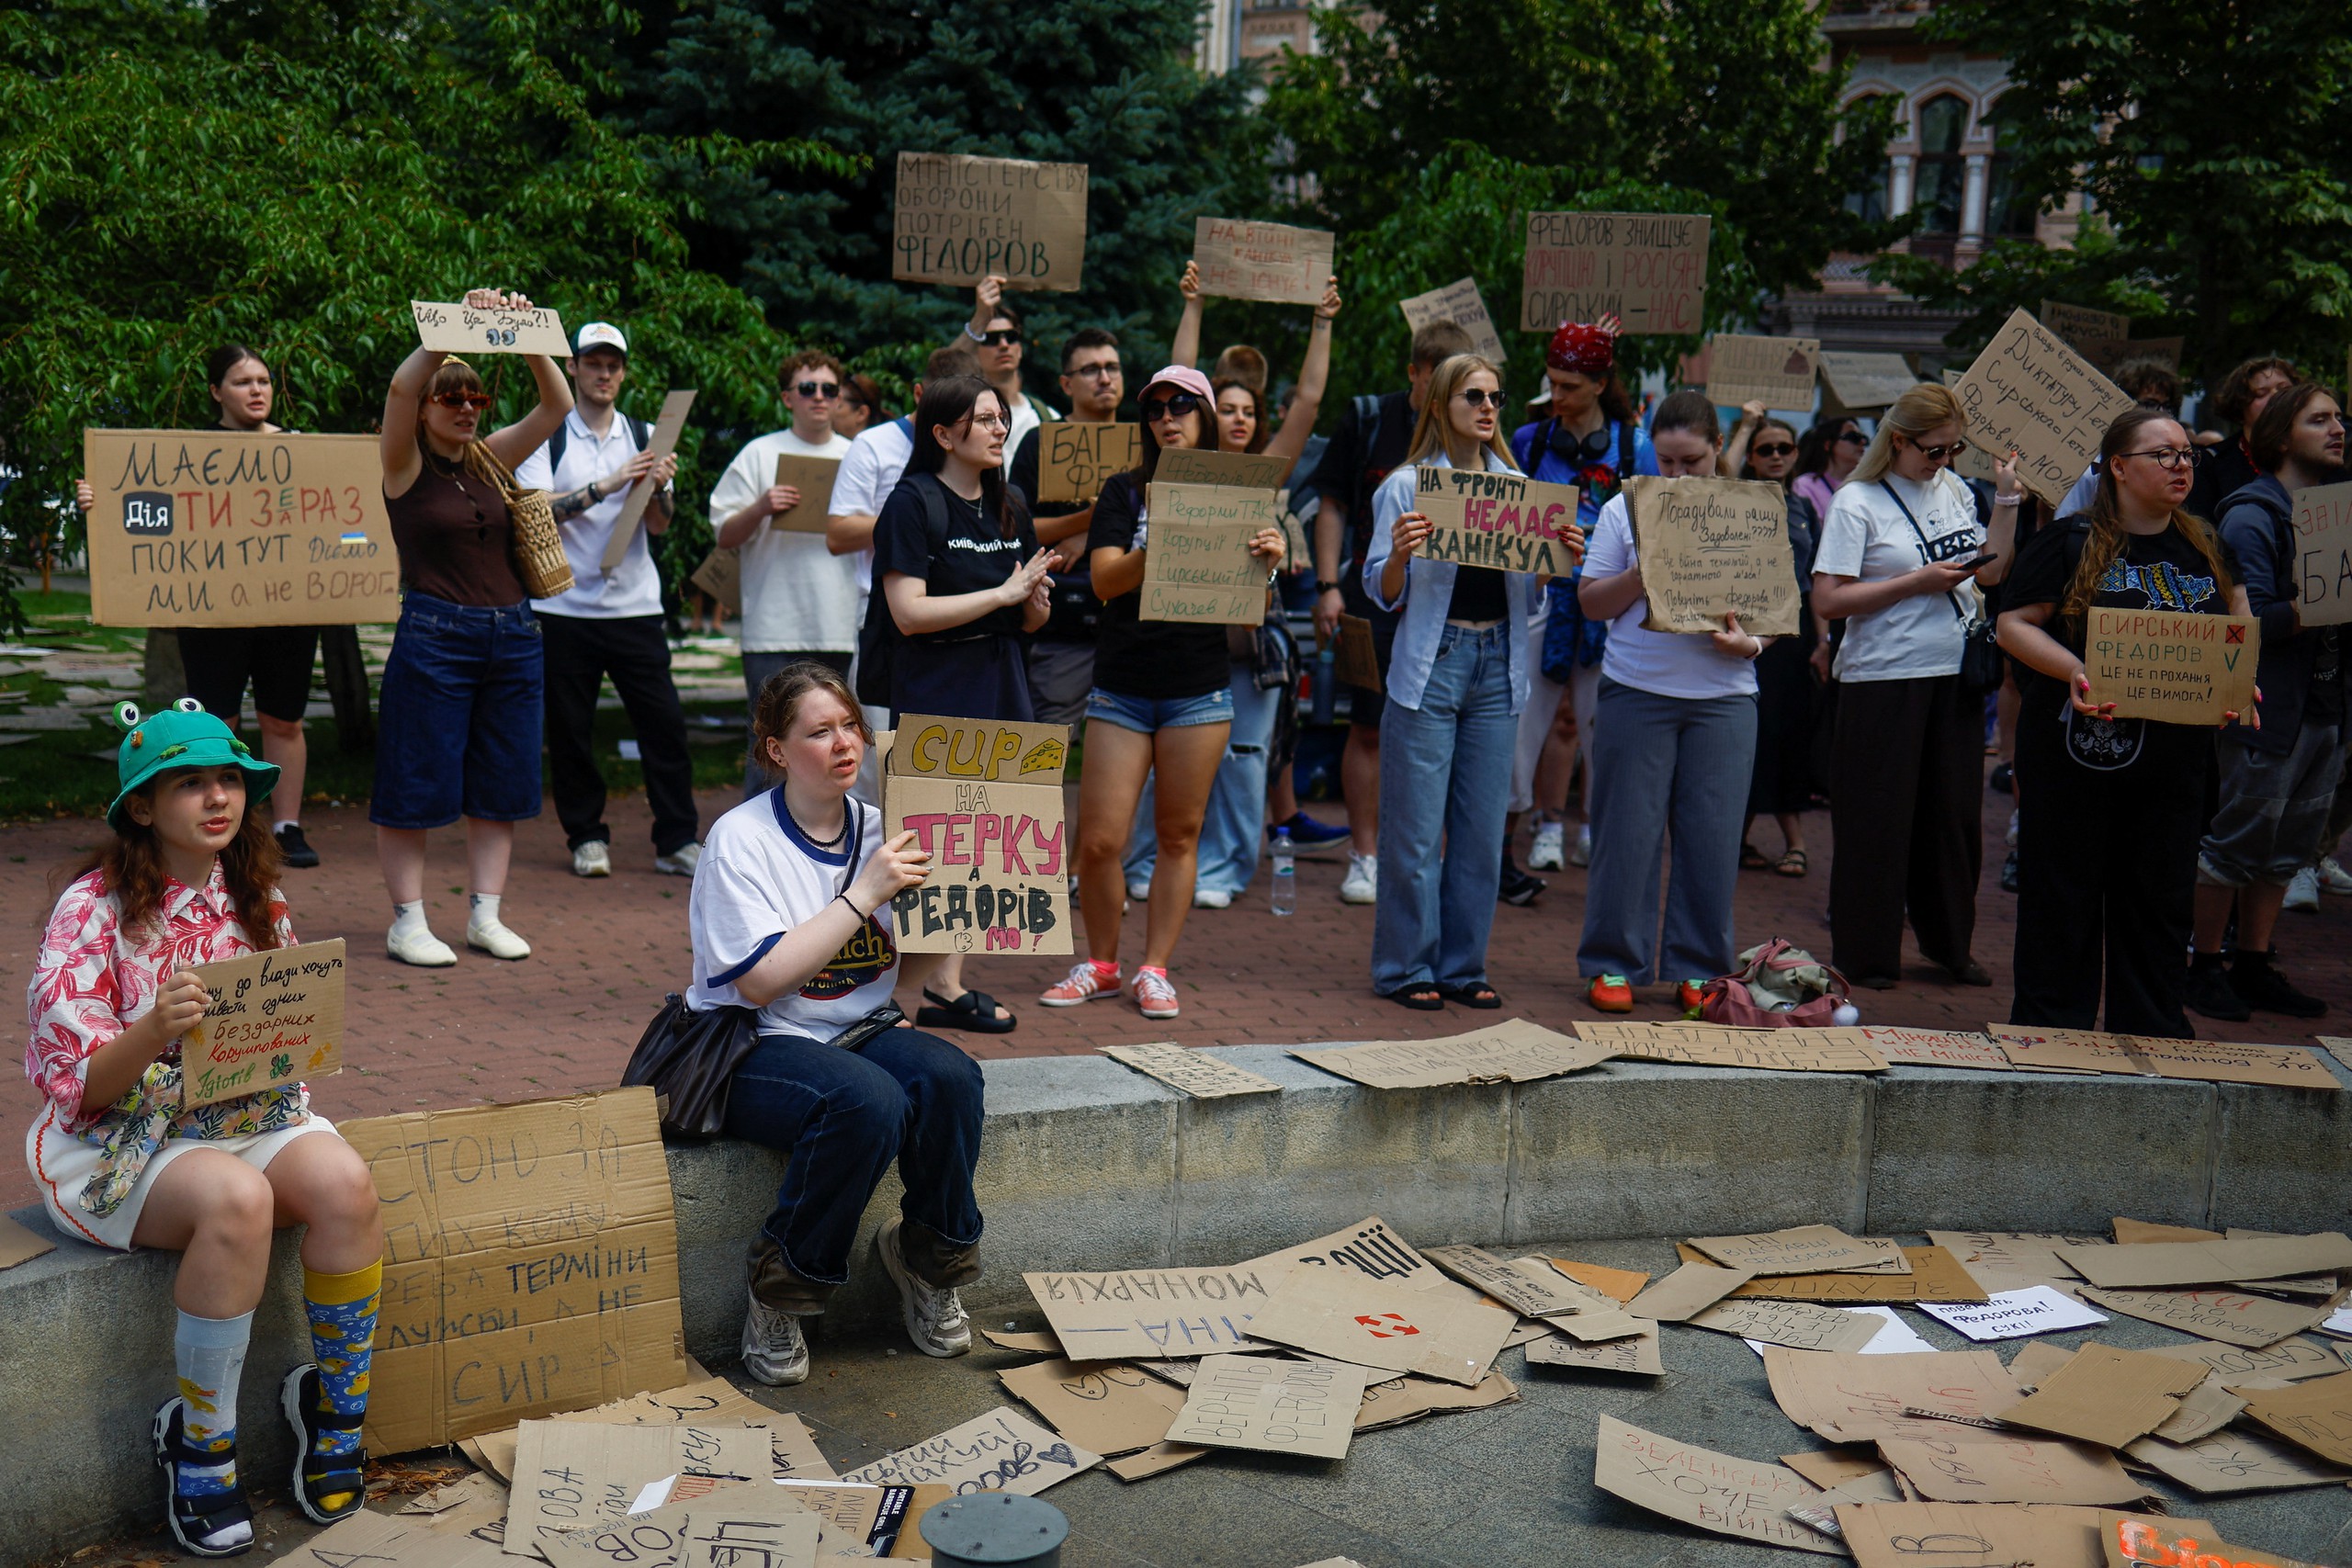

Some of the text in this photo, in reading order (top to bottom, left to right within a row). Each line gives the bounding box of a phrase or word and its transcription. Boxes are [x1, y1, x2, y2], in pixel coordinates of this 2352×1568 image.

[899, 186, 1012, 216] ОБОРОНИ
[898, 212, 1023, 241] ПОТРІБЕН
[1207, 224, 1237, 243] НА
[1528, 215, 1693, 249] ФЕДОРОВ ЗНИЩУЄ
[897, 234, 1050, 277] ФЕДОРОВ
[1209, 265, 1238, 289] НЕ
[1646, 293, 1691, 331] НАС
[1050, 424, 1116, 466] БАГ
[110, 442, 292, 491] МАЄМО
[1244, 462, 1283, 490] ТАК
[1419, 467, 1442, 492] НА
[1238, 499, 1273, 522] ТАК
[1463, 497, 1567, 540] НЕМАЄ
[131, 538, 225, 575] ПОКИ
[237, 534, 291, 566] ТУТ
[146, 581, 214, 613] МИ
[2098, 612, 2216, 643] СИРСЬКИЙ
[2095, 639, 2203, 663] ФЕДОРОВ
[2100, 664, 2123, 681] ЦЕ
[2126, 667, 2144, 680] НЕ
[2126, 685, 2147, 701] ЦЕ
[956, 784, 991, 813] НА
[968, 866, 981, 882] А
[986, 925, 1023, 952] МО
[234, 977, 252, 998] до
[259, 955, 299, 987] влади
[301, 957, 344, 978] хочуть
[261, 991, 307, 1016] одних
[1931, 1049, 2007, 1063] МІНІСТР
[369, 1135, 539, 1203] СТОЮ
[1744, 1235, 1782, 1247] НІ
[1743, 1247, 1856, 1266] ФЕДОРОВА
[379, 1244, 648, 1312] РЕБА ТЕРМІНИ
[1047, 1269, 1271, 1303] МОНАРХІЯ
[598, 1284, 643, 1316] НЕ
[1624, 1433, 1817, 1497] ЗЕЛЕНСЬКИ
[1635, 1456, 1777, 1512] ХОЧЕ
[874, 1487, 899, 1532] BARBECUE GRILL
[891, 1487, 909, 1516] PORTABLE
━━━━━━━━━━
**What is expected:** Please transcribe the entries exactly, omitting the images.

**Answer:**
Some of the text in this photo, in reading order (top to bottom, left to right within a row). Each line gives the bounding box of a phrase or word and its transcription. Boxes are [x1, y1, x2, y2], in pixel coordinates of this 2352×1568 image.

[899, 186, 1012, 216] ОБОРОНИ
[898, 212, 1023, 241] ПОТРІБЕН
[1207, 224, 1237, 243] НА
[1528, 215, 1693, 249] ФЕДОРОВ ЗНИЩУЄ
[897, 234, 1050, 277] ФЕДОРОВ
[1209, 265, 1238, 289] НЕ
[1646, 293, 1691, 331] НАС
[1050, 424, 1116, 466] БАГ
[110, 442, 292, 491] МАЄМО
[1244, 462, 1283, 490] ТАК
[1419, 467, 1442, 492] НА
[1238, 499, 1273, 522] ТАК
[1463, 497, 1567, 540] НЕМАЄ
[131, 538, 225, 575] ПОКИ
[237, 534, 291, 566] ТУТ
[146, 581, 214, 613] МИ
[2098, 612, 2216, 643] СИРСЬКИЙ
[2095, 639, 2203, 663] ФЕДОРОВ
[2100, 664, 2123, 681] ЦЕ
[2126, 667, 2144, 680] НЕ
[2126, 685, 2147, 701] ЦЕ
[956, 784, 991, 813] НА
[968, 866, 981, 882] А
[986, 925, 1023, 952] МО
[234, 977, 252, 998] до
[259, 955, 299, 987] влади
[301, 957, 344, 978] хочуть
[261, 991, 307, 1016] одних
[1931, 1049, 2007, 1063] МІНІСТР
[369, 1135, 539, 1203] СТОЮ
[1744, 1235, 1782, 1247] НІ
[1743, 1247, 1856, 1266] ФЕДОРОВА
[379, 1244, 648, 1312] РЕБА ТЕРМІНИ
[1047, 1269, 1271, 1303] МОНАРХІЯ
[598, 1284, 643, 1316] НЕ
[1624, 1433, 1817, 1497] ЗЕЛЕНСЬКИ
[1635, 1456, 1777, 1512] ХОЧЕ
[874, 1487, 899, 1532] BARBECUE GRILL
[891, 1487, 909, 1516] PORTABLE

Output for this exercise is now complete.